Opinión | Visiones y visitas

Sin preguntas

Acostumbrada como está la plebe a que le construyan el relato, a que le cuenten la milonga y le confeccionen las verdades a medida, tiene cierta lógica —una lógica mínima, escasísima pero suficiente para justificar ese «cierta»— que le parezca normal una comparecencia política sin preguntas. El populacho no adquirió nunca el hábito saludable de preguntar —no le dieron la opción de adquirirlo, pero tampoco le importó demasiado—, y ahora es una grey sometida, con la sumisión hecha tradición; una masa ignorante, atrapada en el delirio de los telefilmes, borracha de licor audiovisual y enferma de caquexia espiritual. No se altera, por tanto, ni se hace cruces cuando ve un político —si es que lo ve— largando el embuste cotidiano a los periodistas en forma o formato de monólogo incuestionable, apodíctico y casi pontificio; compartiendo con la chusma, sin réplica posible, lo que tiene graciosamente a bien compartir.
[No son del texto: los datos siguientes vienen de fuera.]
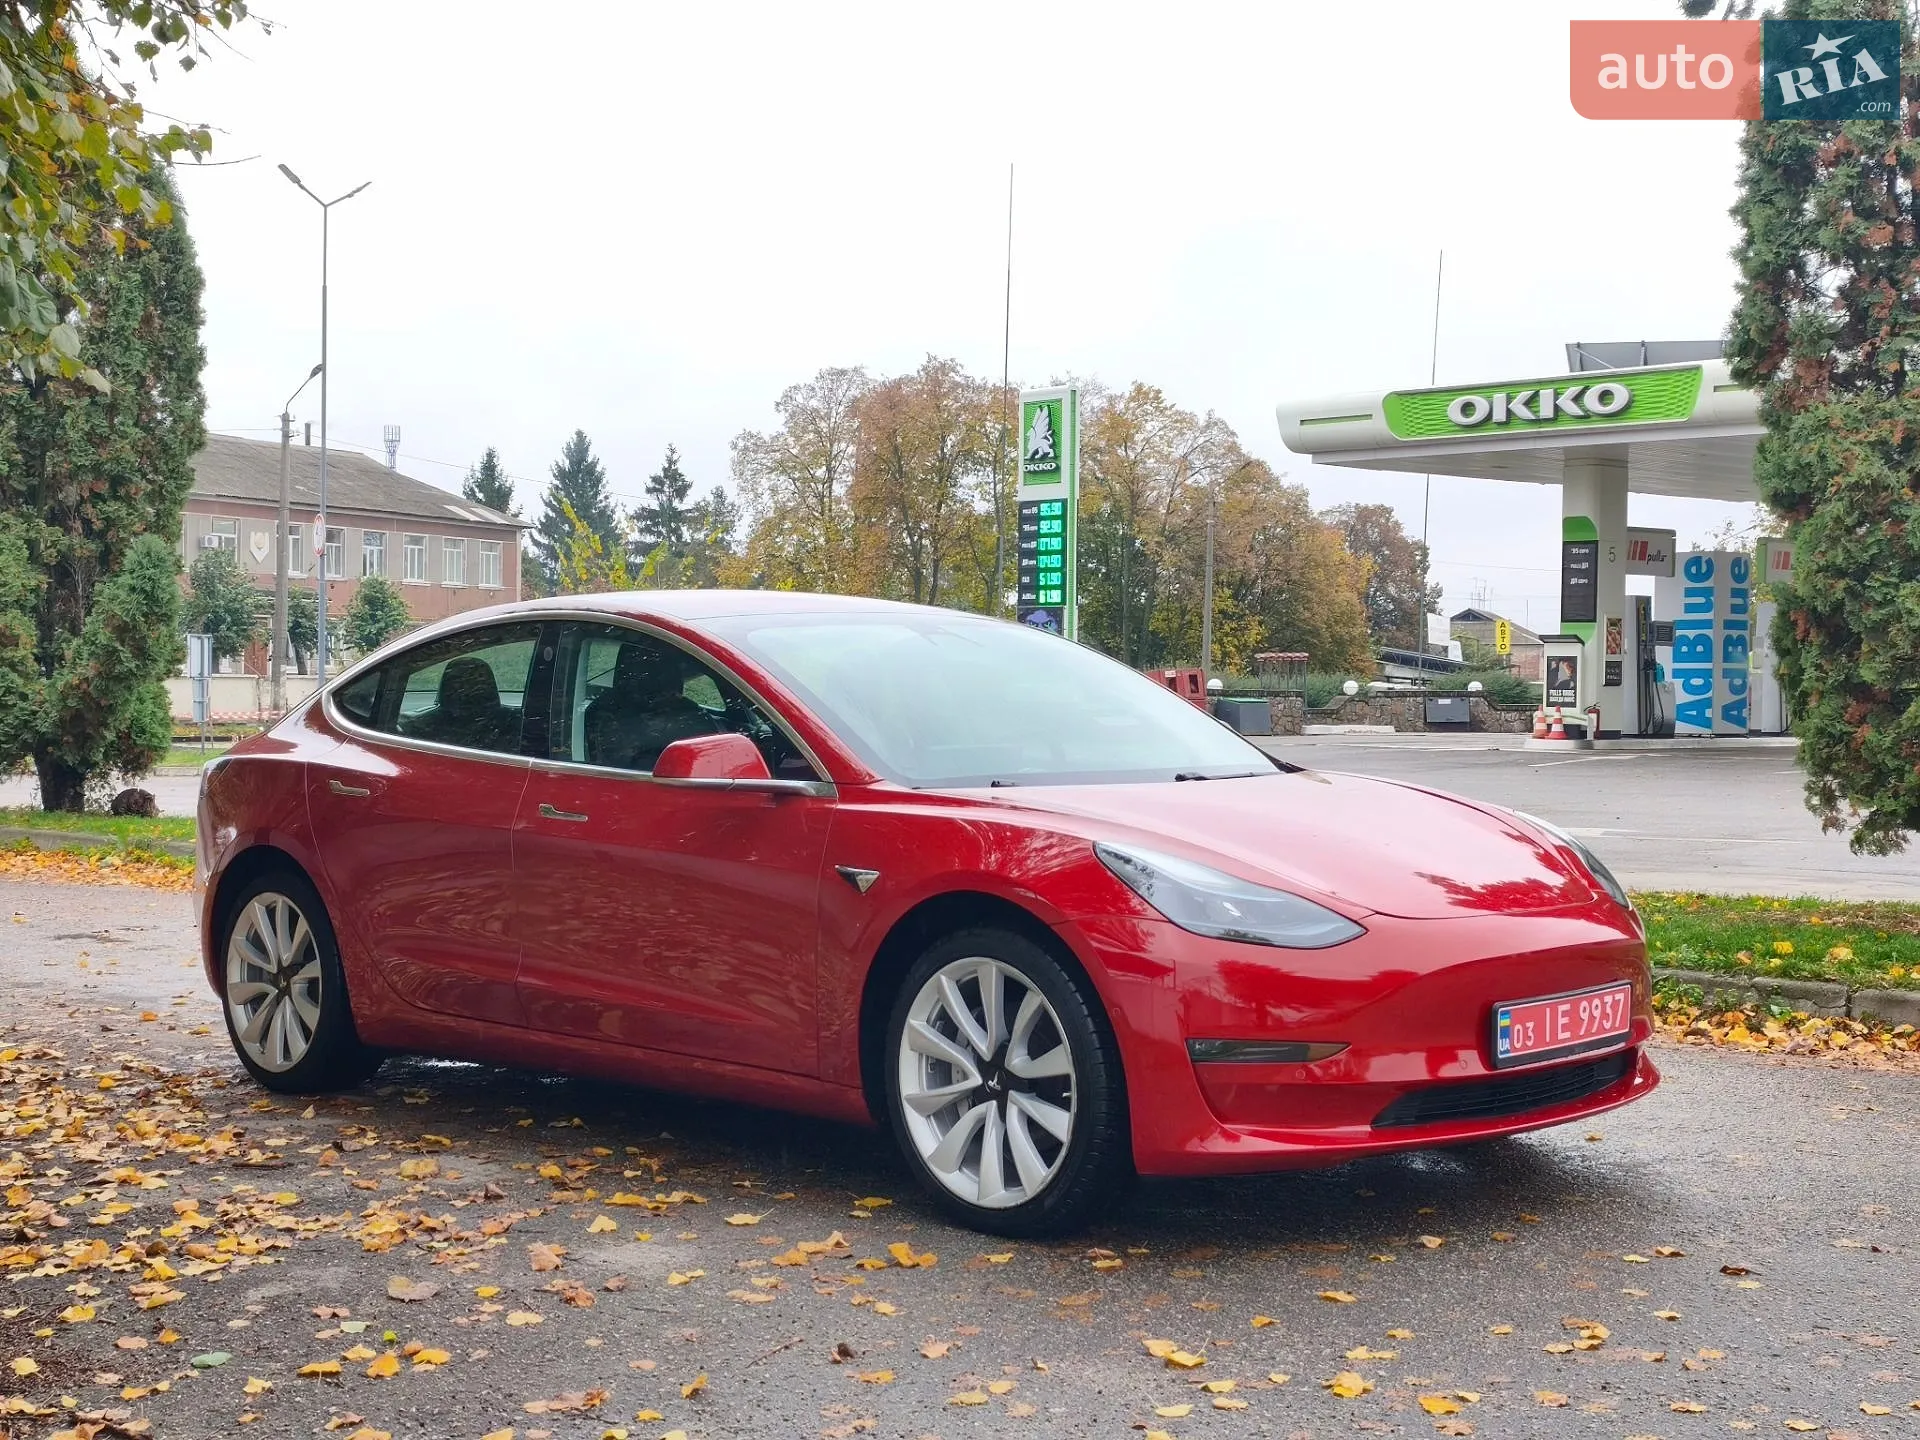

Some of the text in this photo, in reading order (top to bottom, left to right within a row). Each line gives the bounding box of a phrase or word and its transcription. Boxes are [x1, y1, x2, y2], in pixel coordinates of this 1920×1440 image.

[1447, 382, 1630, 426] OKKO
[1023, 462, 1057, 472] OKKO
[1608, 546, 1617, 563] 5
[1673, 555, 1715, 730] AdBlue
[1721, 556, 1749, 730] AdBlue
[1513, 992, 1625, 1049] 03 IE 9937
[1499, 1037, 1511, 1052] UA
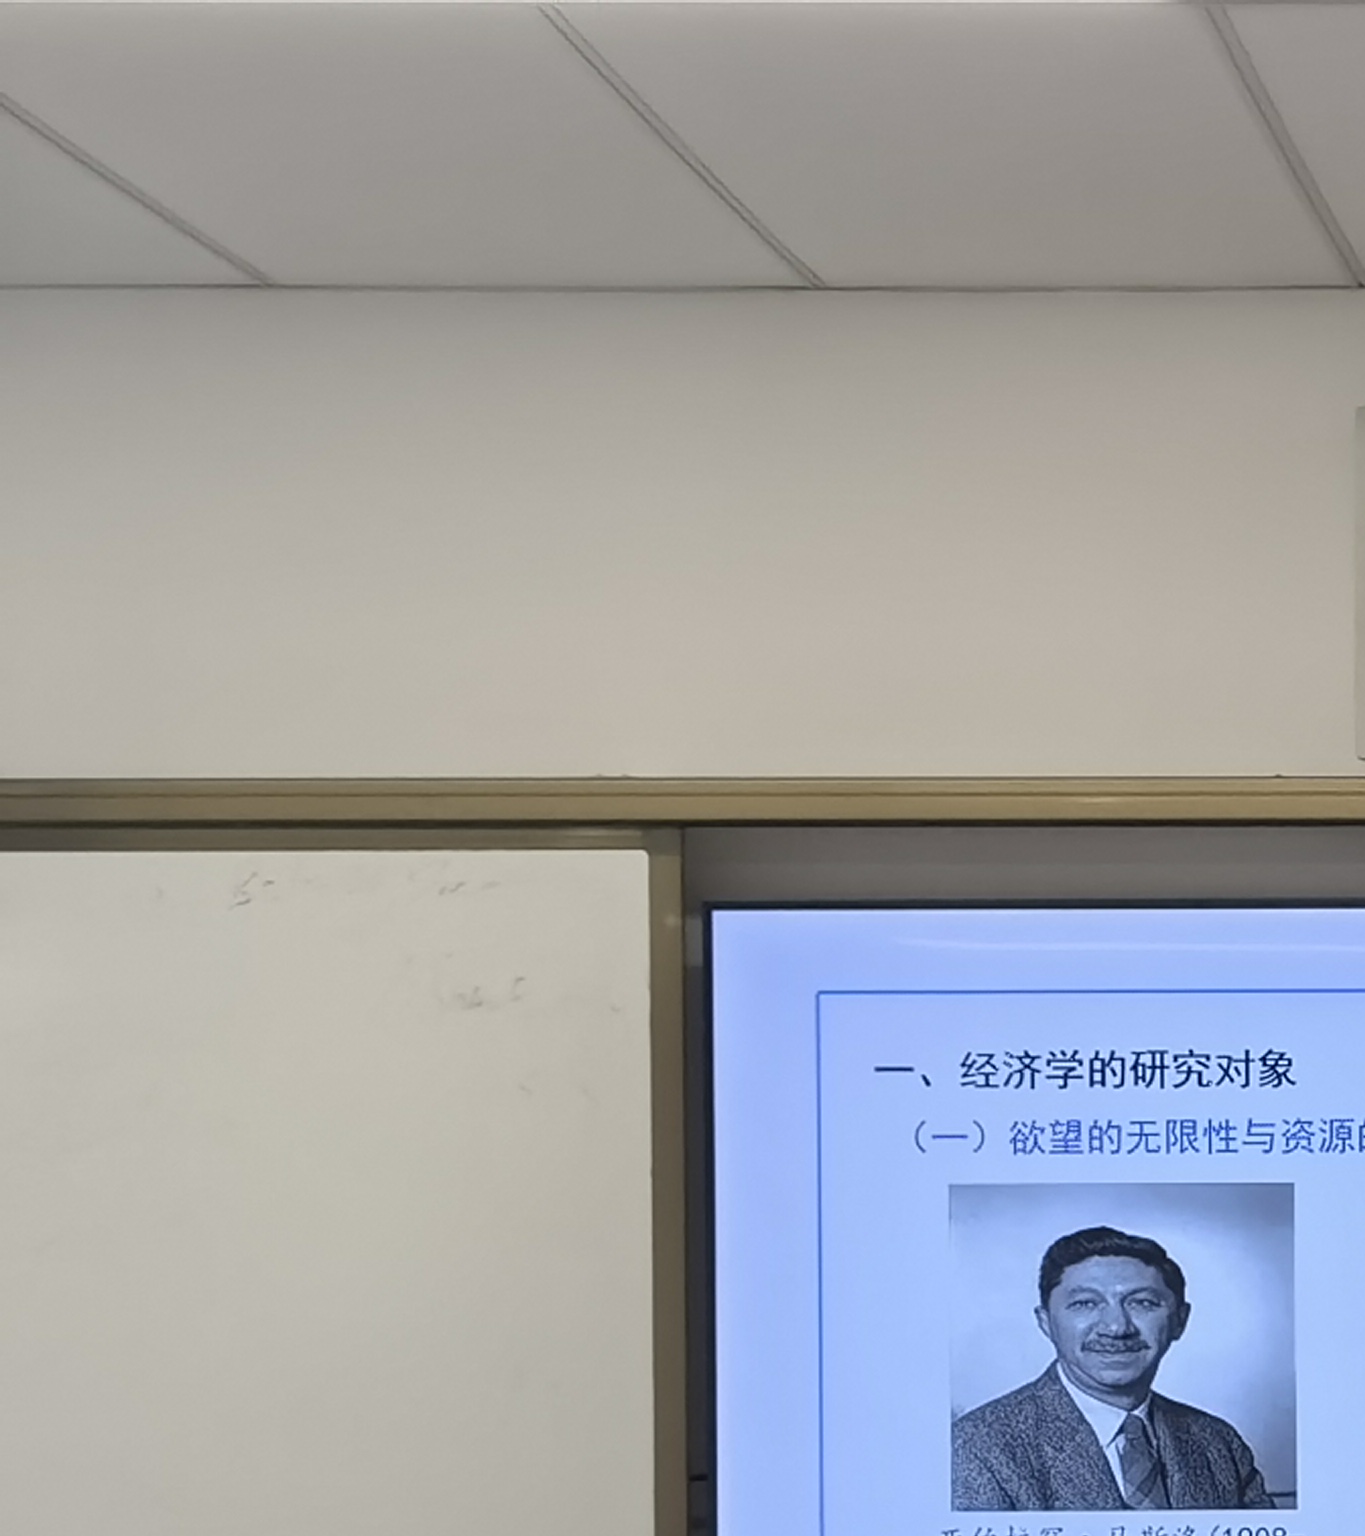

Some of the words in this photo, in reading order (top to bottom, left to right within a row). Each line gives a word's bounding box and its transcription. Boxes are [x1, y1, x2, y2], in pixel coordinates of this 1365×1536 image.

[874, 1048, 1298, 1090] 一、经济学的研究对象
Es el sino de los individuos y de las colectividades cuando renuncian al espíritu crítico, a explorar y explotar su potencial y a ejercer su dignidad.

Lo que no tiene lógica ninguna es que los periodistas que aspiran o aspiraron a la categoría de cuarto poder, a proporcionar a sus congéneres el envés del tapiz, acudan a las conferencias de prensa —todas las comunicaciones públicas de un político lo son, las llamen como las llamen— sin que les dejen preguntar nada. Compañeros periodistas, estimémonos más, que decía Torres Villarroel, y rechacemos la cita cuando sea una pantomima. No deberíamos ir a casi ninguna, en realidad, si tenemos en cuenta que nuestro deber no es transmitir lo que ha dicho el político, sino averiguar lo que no ha dicho, lo que trama y esconde. Así se destapó el watergate; y resulta que todos los gobiernos del mundo están llenos de pequeños watergates, de insignificantes o enormes maquiavelismos que son consustanciales a la especie política. Si una rueda de prensa «normal» ya tiene ribetes de humillación para un informador porque pregunte lo que pregunte le responderán lo que quieran, la rueda de prensa sin preguntas debe percibirse, periodísticamente hablando, como algo absolutamente intolerable porque nos anula como informadores y nos transforma en estúpidos altavoces, en ridículos correveidiles con alamares de secretario/esbirro. ¿De verdad el periodismo acepta sentarse allí, zamparse un croissant, copiar la pamema y luego difundirla? Cierto que también hay debates y «analistas» —los análisis de verdad son clínicos; lo demás, ínfulas—, tertulias entre periodistas que suponemos informados más allá y más abajo de los telediarios.

Pero también es cierto que con terrible frecuencia nos da la impresión de que no saben más que lo vendimiado en los mentideros; de que la tertulia es más de casino —de suposiciones, interpretaciones e intuiciones— que de profesionales documentados; de que hay una escasez dramática de gargantas profundas, de fuentes y de confidentes; de que no se averigua nada importante y de que la información pulula, caracolea y se arremolina entre lo que hay, entre lo disponible y entre lo dado. No es, por supuesto, falta de profesionalidad: es más bien desinterés popular, desidia social, indiferencia colectiva. Los medios de comunicación estadounidenses viven de su audiencia, de la preocupación social, popular, colectiva por las cuestiones políticas, de las ganas de saber que tiene la gente. Aquí, en cambio, las ganas de saber, si alguna vez las hubo, se han vuelto ganas de salir, prurito vividor, mal del ímpetu; y los medios, los informadores viven heroicamente su vocación. El periodismo español ha tenido siempre un punto ascético, sufrido, bohemio y milagroide; pero corcho, un poco de pundonor: si no se admiten preguntas que vaya su padre.